Figure 1. PEGASOS enables visualization of connections between CNS and PNS by imaging through the vertebrae. An adult Thy1-EGFP mouse (2 months old) was cleared following PEGASOS recirculation procedure and the vertebrae and brain were dissected for imaging. (a). The intact CNS together with DRGs was imaged with a 5X/0.16 objective. Boxed area is enlarged in the inlet to show individual DRG neurons. (b) The cervical vertebrae (dotted box in a) was re-imaged with a 10X/0.45 objective to visualize cervical DRGs C2-C6. Optical sections were acquired at boxed regions to show the multiple central axons (c) and DRG neurons (d). (e). Tracing of individual central axons. Each central axon (highlighted with color) gives rise to two daughter branches and then to multiple collateral branches (arrowheads). The entire tracing length is over 2 cm. (f-i). The C4 DRG was re-imaged with a 20X/0.95 objective to reveal connections between DRG neurons and the spinal cord. (g). Enlarged view shows neurons within the C4 DRG. (i). Eight pseudo-unipolar neurons were individually identified and artificially labeled with different colors (i1-i8). Their central axons can also be individually identified within the spinal cord (h). A, anterior; P, posterior; L, lateral; M, medial. Reprinted from Jing D et al, Cell Res. 28(8):803-818 under Creative Commons Attribution 4.0 International License.

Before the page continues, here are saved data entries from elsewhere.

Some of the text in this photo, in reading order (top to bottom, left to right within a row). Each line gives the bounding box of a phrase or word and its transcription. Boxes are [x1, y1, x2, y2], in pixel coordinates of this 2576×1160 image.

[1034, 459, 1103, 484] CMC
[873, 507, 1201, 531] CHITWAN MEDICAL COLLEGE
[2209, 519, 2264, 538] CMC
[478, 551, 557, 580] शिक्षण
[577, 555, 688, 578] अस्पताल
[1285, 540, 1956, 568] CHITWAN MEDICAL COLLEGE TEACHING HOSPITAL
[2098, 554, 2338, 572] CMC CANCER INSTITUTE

When the researchers used their PEGASOS method to clear the whole body of adult mice, they observed high transparency for body parts including the entire head and brain, thorax, and both front and hind legs. Complete transparency was also seen for internal organs including the brain, liver, kidney, and spleen. In addition to creating multiple 3D renderings of various body parts and organs, the researchers were able to image the intact mouse brain at sub-cellular resolution, trace individual neurons and axons over a long distance, and visualize dorsal root ganglions directly through vertebrae.

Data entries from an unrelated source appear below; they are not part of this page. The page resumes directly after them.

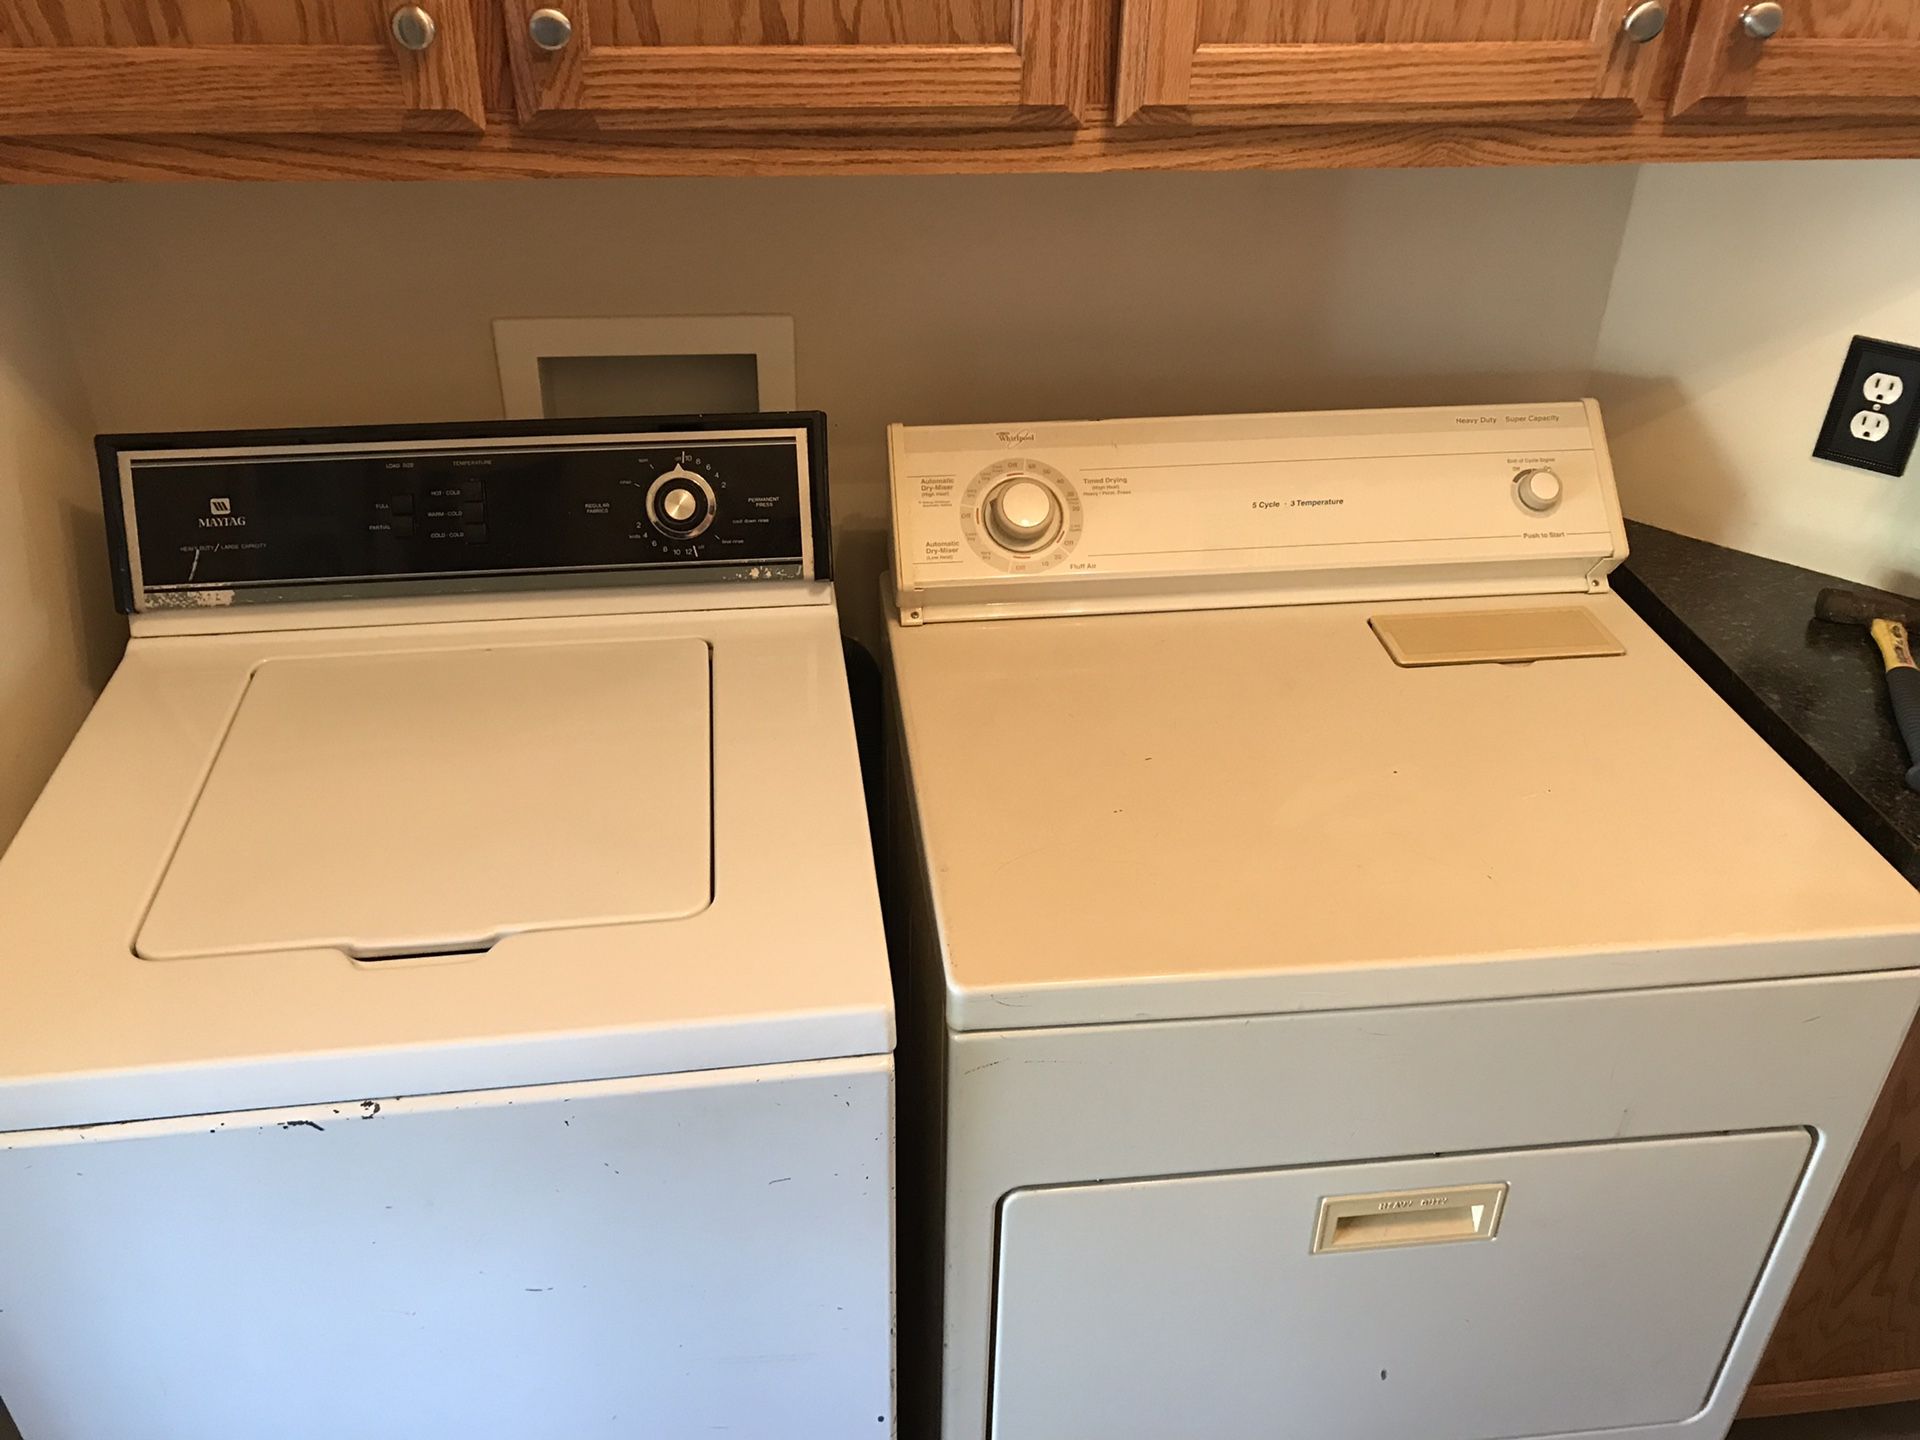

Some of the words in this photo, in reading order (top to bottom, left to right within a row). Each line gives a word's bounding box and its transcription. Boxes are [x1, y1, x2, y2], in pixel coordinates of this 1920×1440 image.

[996, 431, 1035, 443] Whirlpool
[1252, 501, 1257, 509] 5
[1258, 501, 1280, 509] Cycle
[1297, 499, 1344, 507] Temperature
[198, 516, 246, 528] MAYTAG
[636, 521, 641, 529] 2
[925, 547, 960, 555] Dry-Miser
[1378, 1199, 1414, 1210] HEAVY
[1420, 1197, 1449, 1207] DUTY

Viewing cleared samples in 3D
“We found the 3D rendering in Imaris, especially mapped color display, was a good way to restore the structure of our samples — including neurons, axons, or blood vessels — within an organ,” said Zhao. “The Imaris animations helped display the 3D structure more intuitively while Surface rendering was useful for outlining areas of interest.”
They also used image segmentation to view the surface of areas of interest and the statistics function to count the numbers of the cells in 3D images.

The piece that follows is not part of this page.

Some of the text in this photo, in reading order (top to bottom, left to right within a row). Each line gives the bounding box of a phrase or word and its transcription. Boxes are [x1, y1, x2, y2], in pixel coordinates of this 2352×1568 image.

“Our results suggest that the PEGASOS method provides a useful tool for general biomedical research in not only neuroscience but also various kinds of research fields,” said Zhao.
The researchers are working to improve the PEGASOS method to reduce high autofluorescence in some specific tissues and tissue shrinkage caused by the fully dehydration process. “We will use Imaris for our future work for 3D display, 3D quantification, and analysis for our image stacks,” said Zhao. “We believe there are still many other outstanding Imaris functions that could be used, and we will try them in our future work.”
The researchers used Imaris software to image the vasculature of a whole mouse brain that had been cleared using the PEGASOS method. The images were acquired using a tiling light sheet microscope. Courtesy of Hu Zhao, Texas A&M.